───── Supplied material

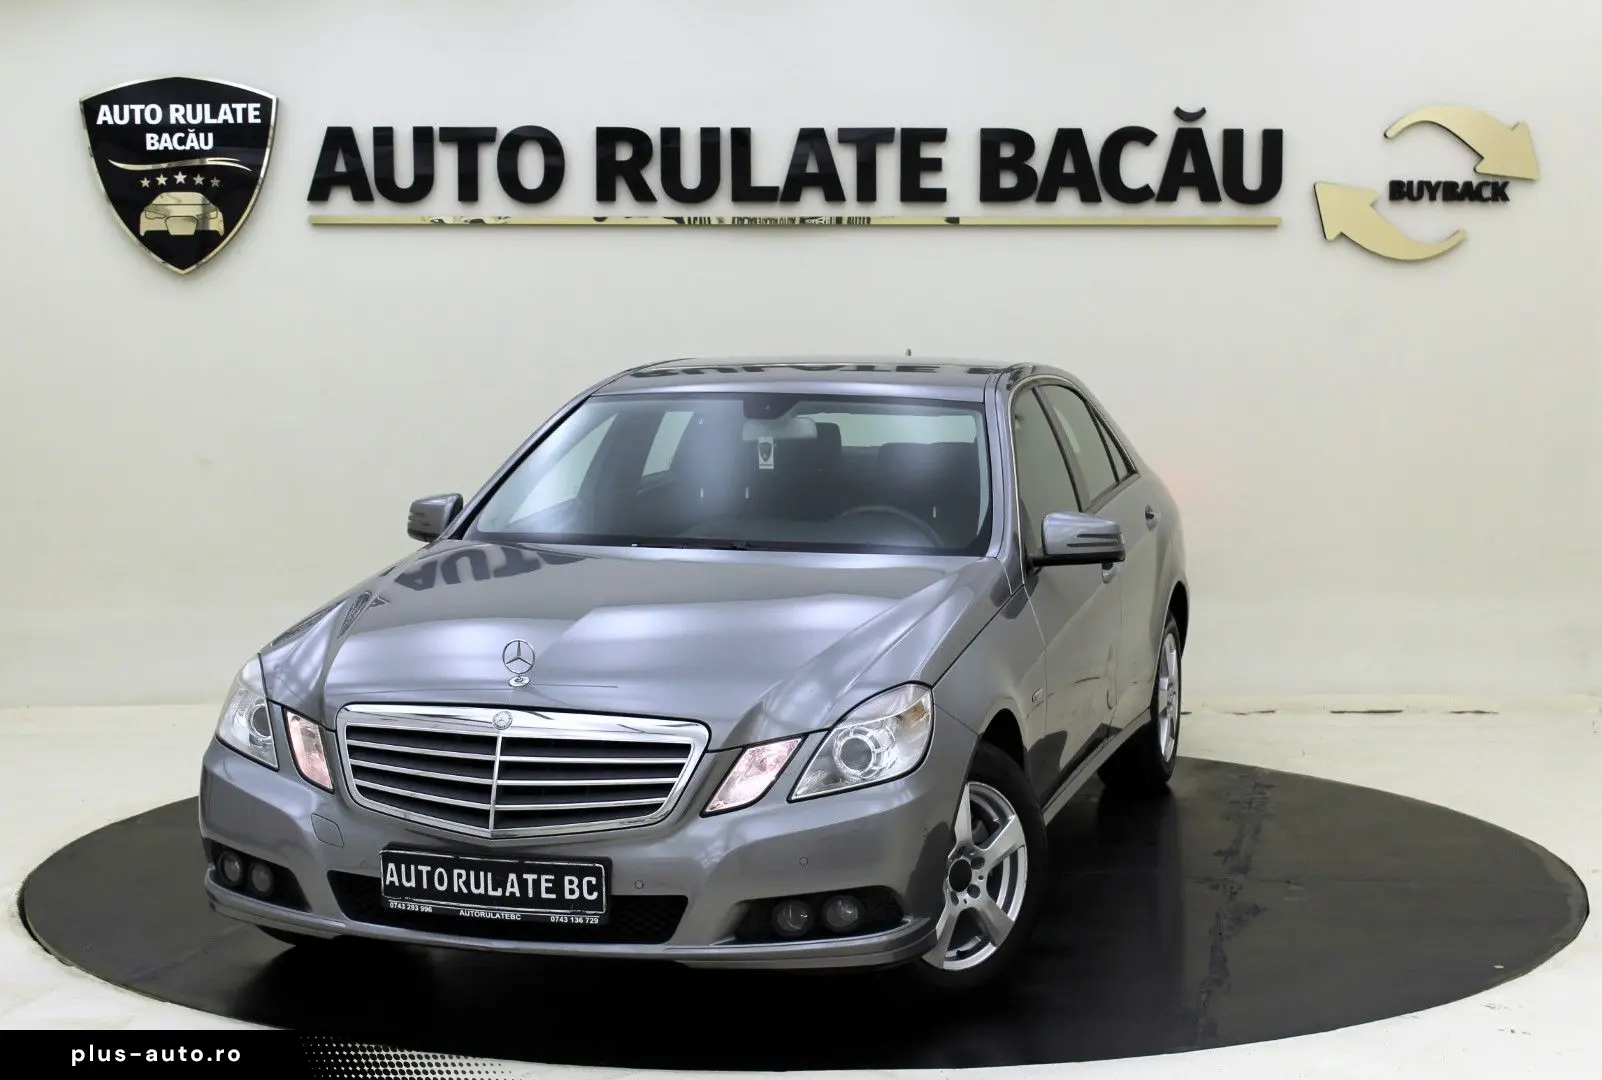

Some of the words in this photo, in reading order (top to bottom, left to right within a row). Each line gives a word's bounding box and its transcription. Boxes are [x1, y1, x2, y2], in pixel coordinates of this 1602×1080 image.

[96, 104, 163, 125] AUTO
[170, 103, 262, 124] RULATE
[145, 129, 214, 151] BACĂU
[307, 126, 566, 205] AUTO
[595, 127, 948, 205] RULATE
[979, 106, 1285, 206] BACĂU
[1388, 180, 1510, 202] BUYBACK
[564, 875, 599, 901] BC
[389, 901, 406, 911] 0743
[459, 909, 522, 922] AUTORULATEBC
[550, 915, 568, 923] 0743

──────────

Copy all of the records verbatim, omitting the pictures.

Some of the words in this photo, in reading order (top to bottom, left to right within a row). Each line gives a word's bounding box and its transcription. Boxes are [x1, y1, x2, y2], in pixel coordinates of this 1602×1080 image.

[96, 104, 163, 125] AUTO
[170, 103, 262, 124] RULATE
[145, 129, 214, 151] BACĂU
[307, 126, 566, 205] AUTO
[595, 127, 948, 205] RULATE
[979, 106, 1285, 206] BACĂU
[1388, 180, 1510, 202] BUYBACK
[564, 875, 599, 901] BC
[389, 901, 406, 911] 0743
[459, 909, 522, 922] AUTORULATEBC
[550, 915, 568, 923] 0743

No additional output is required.